AWS Glue offers a fully managed serverless ETL tool. This removes the overhead, and barriers to entry, when there is a requirement for a ETL service in AWS.
What is Glue Data Catalog?
It is a persistent Metadata Store.
It is a managed service that lets you store, annotate, and share metadata which can be used to query and transform data.
One AWS Glue Data Catalog per AWS region.
Identity and Access Management (IAM) policies control access.
Can be used for data governance.
What are the kinds of Glue Data Catalog store?
Data Location
Schema
Data Types
Data Classification
What are AWS Glue Databases?
A set of associated Data Catalog table definitions organized into a logical group.
An S3 folder can be a AWS Glue Database for example (like a folder called raw_data).
What is AWS Glue Table?
The metadata definition that represents your data. It saves things like:
- schema (column name, data type, …)
Tables are part of AWS Glue Databases that is part of Glue Data Catalog
What is AWS Glue Crawler?
A program that connects to a data store (source or target), progresses through a prioritized list of classifiers to determine the schema for your data and then creates metadata tables in the AWS Glue Data Catalog.
What are Partitions?
Folders where data is stored on S3, which are physical entities, are mapped to partitions, which are logical entities i.e. Columns in the Glue table.

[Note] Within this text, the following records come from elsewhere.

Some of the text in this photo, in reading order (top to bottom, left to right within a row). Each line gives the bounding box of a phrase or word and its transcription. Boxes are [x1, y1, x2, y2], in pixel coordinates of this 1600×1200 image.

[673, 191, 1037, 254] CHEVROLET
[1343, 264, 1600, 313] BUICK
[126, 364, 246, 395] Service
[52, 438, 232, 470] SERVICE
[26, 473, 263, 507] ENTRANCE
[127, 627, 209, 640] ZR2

S3:/ / sales/year=2019/month=Jan/day=1
S3:/ / sales/year=2019/ month=Jan/day=2
S3:/ /sales/year=2019/month=Feb/day=1
S3:/ / sales/year= 2019/month=Feb/day=2
What are AWS Glue Connections?
A Data Catalog object that contains the properties that are required to connect to a particular data store.
What is AWS Glue ETL?
AWS Glue ETL supports extracting data from various sources, transforming it to meet your business needs, and loading it into a destination of your choice.
What is AWS Glue ETL engine?
Apache Spark engine to distribute big data workloads across worker nodes.
What is AWS Glue DPUs?
1 DPU is equivalent to 4 vCPUs and 16 GB memory.

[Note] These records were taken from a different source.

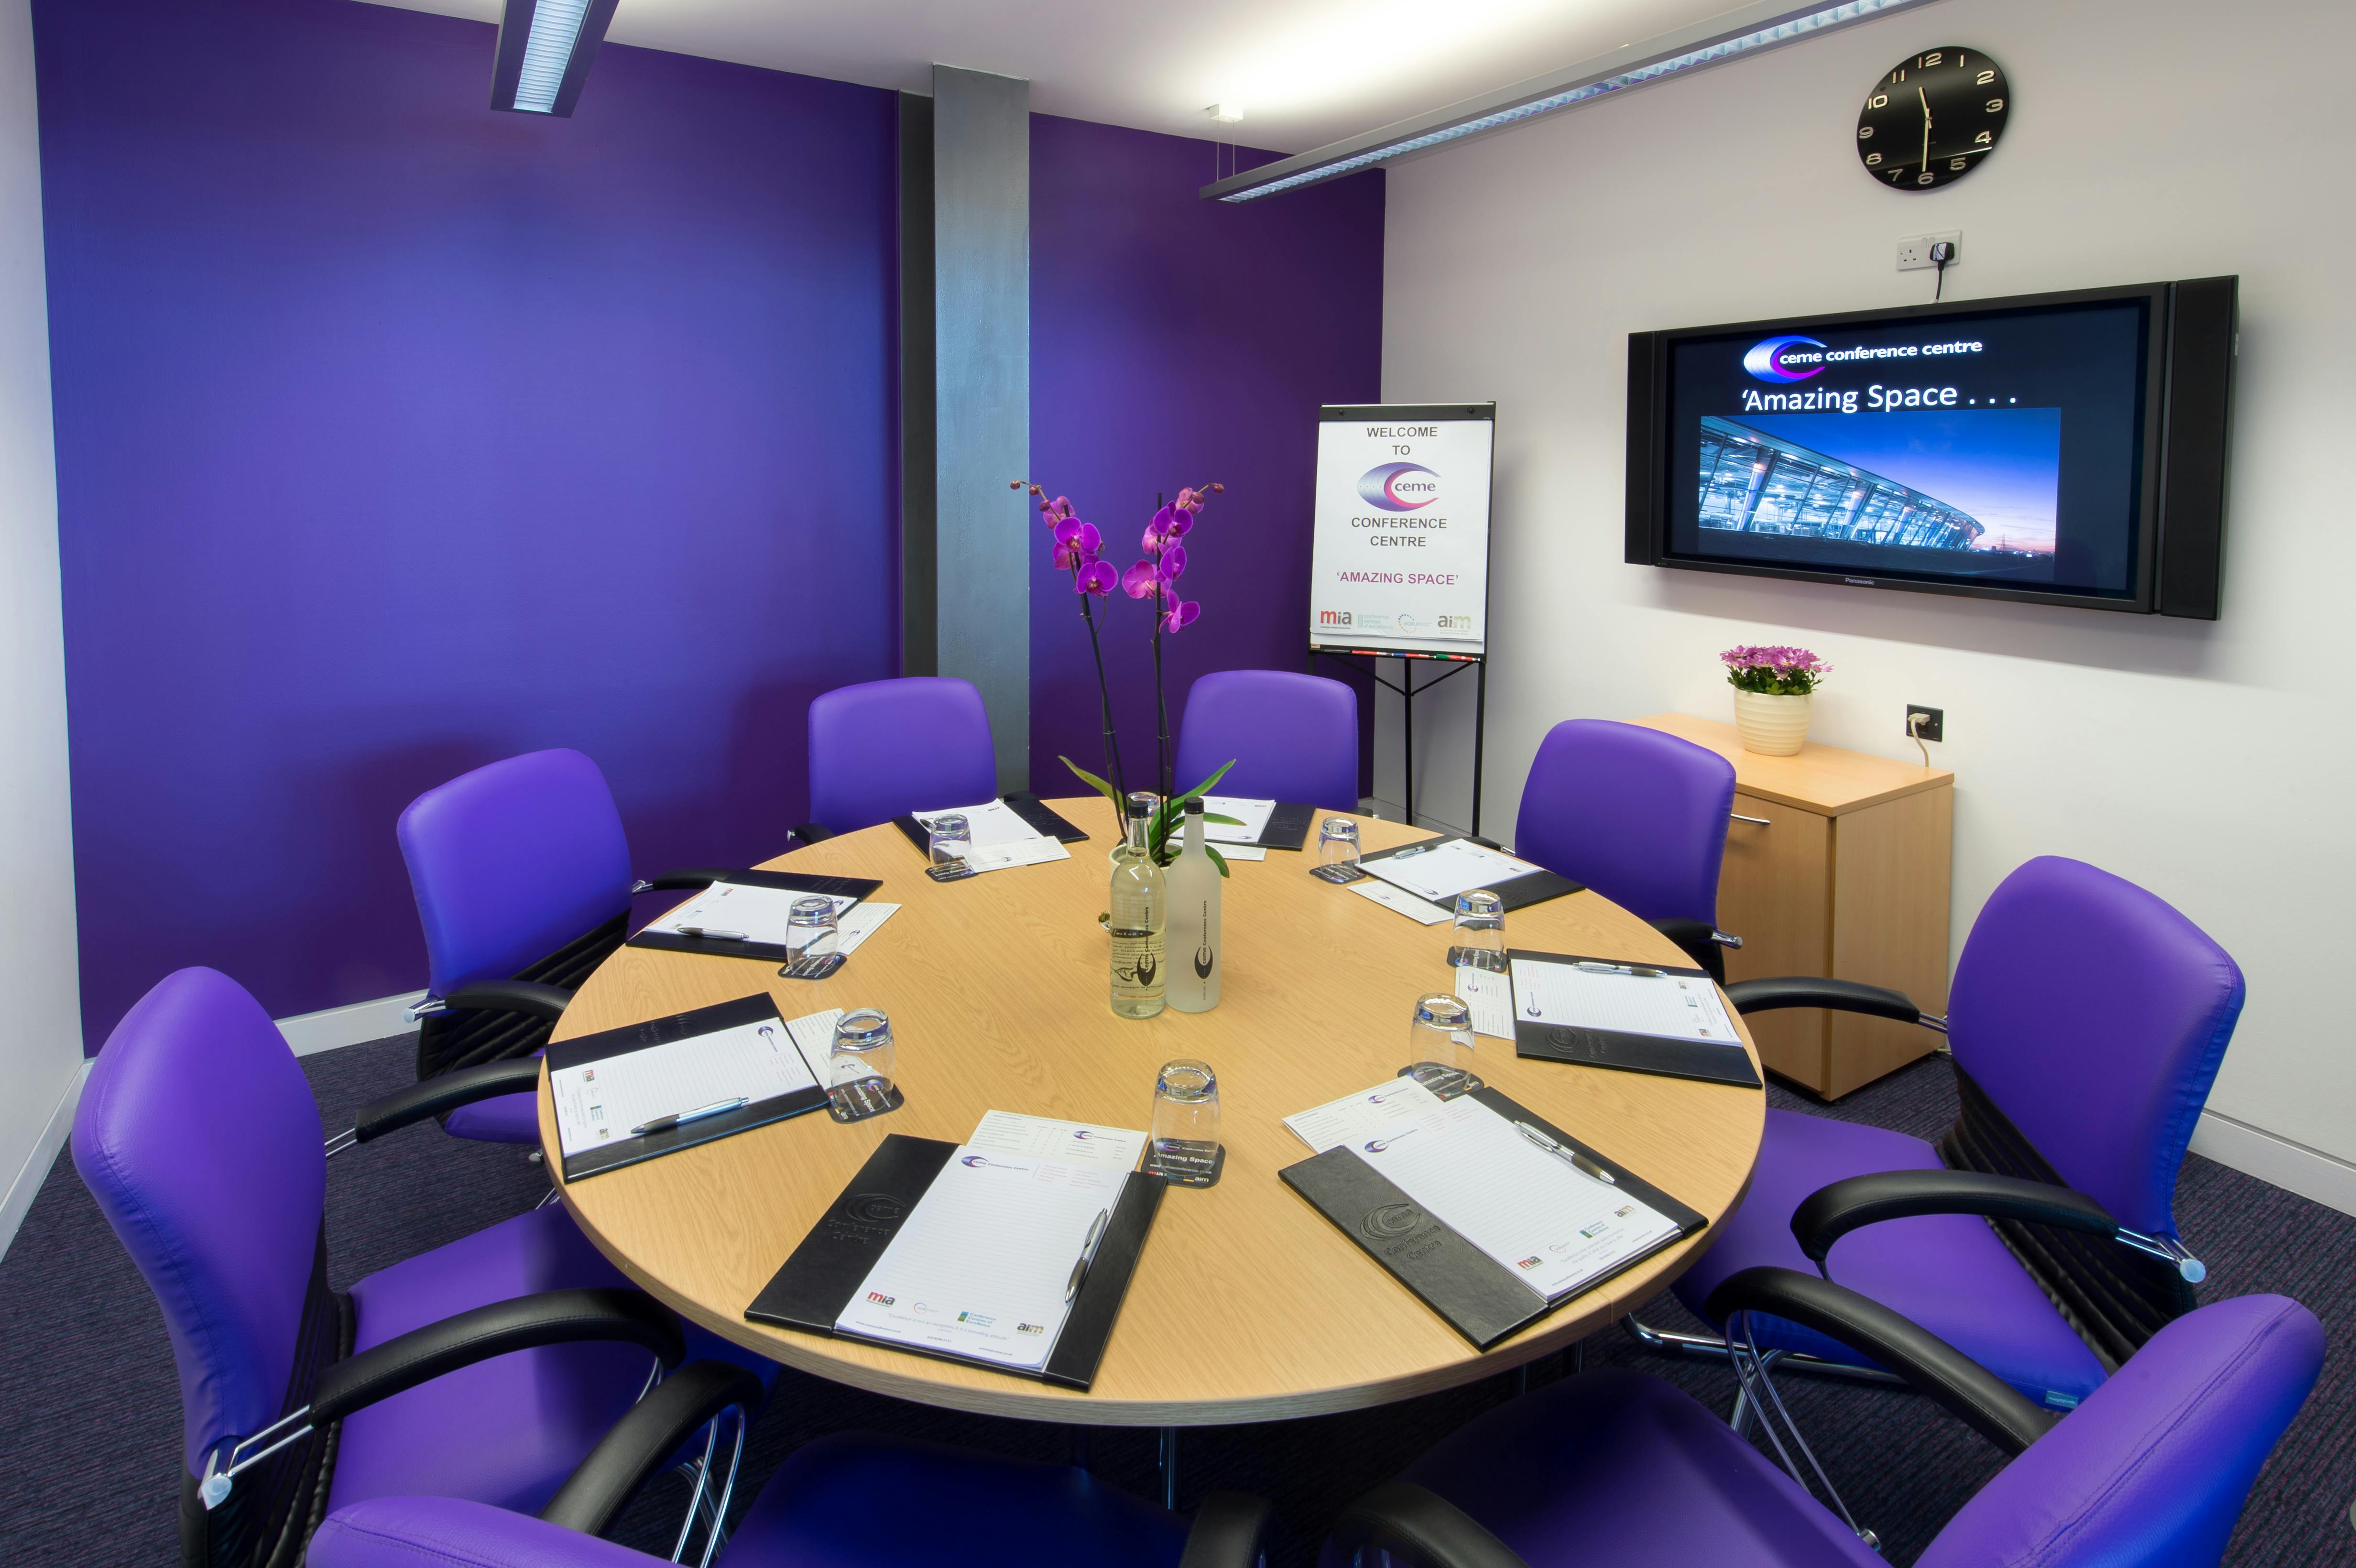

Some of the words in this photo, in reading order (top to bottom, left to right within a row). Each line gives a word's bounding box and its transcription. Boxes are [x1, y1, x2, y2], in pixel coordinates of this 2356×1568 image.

[1918, 52, 1942, 69] 12
[1960, 54, 1964, 67] 1
[1892, 69, 1905, 84] 11
[1976, 70, 1996, 85] 2
[1867, 95, 1888, 109] 10
[1985, 99, 2003, 112] 3
[1859, 127, 1874, 139] 9
[1974, 131, 1992, 144] 4
[1865, 153, 1882, 165] 8
[1950, 157, 1966, 171] 5
[1887, 169, 1903, 181] 7
[1918, 172, 1934, 185] 6
[1779, 351, 1822, 365] ceme
[1825, 345, 1918, 362] conference
[1922, 341, 1983, 356] centre
[1742, 386, 1859, 414] ‘Amazing
[1867, 384, 1957, 413] Space
[1366, 426, 1438, 438] WELCOME
[1393, 445, 1410, 456] TO
[1395, 481, 1436, 492] ceme
[1351, 517, 1447, 529] CONFERENCE
[1370, 536, 1427, 547] CENTRE
[1337, 571, 1404, 584] ‘AMAZING
[1408, 573, 1459, 586] SPACE’
[1320, 610, 1352, 625] mia
[1438, 615, 1472, 629] aim
[1614, 1205, 1635, 1218] aim
[1385, 1225, 1441, 1256] Conference
[1407, 1240, 1442, 1260] Centre
[1517, 1256, 1543, 1269] mia
[867, 1292, 895, 1306] mia
[970, 1312, 997, 1321] Conference
[966, 1319, 991, 1328] Excellence
[1017, 1323, 1044, 1334] aim

What is AWS Glue bookmarks?
Tracks data that has already been processed during a previous run of an ETL job by persisting state information from the job run.
What is AWS Glue Data Quality?
Monitor the quality of your data by Data Quality Definition Language (DQDL) using DeeQu
What is AWS Glue Triggers?
Initiates an ETL job. Triggers can be defined based on a scheduled time or an event.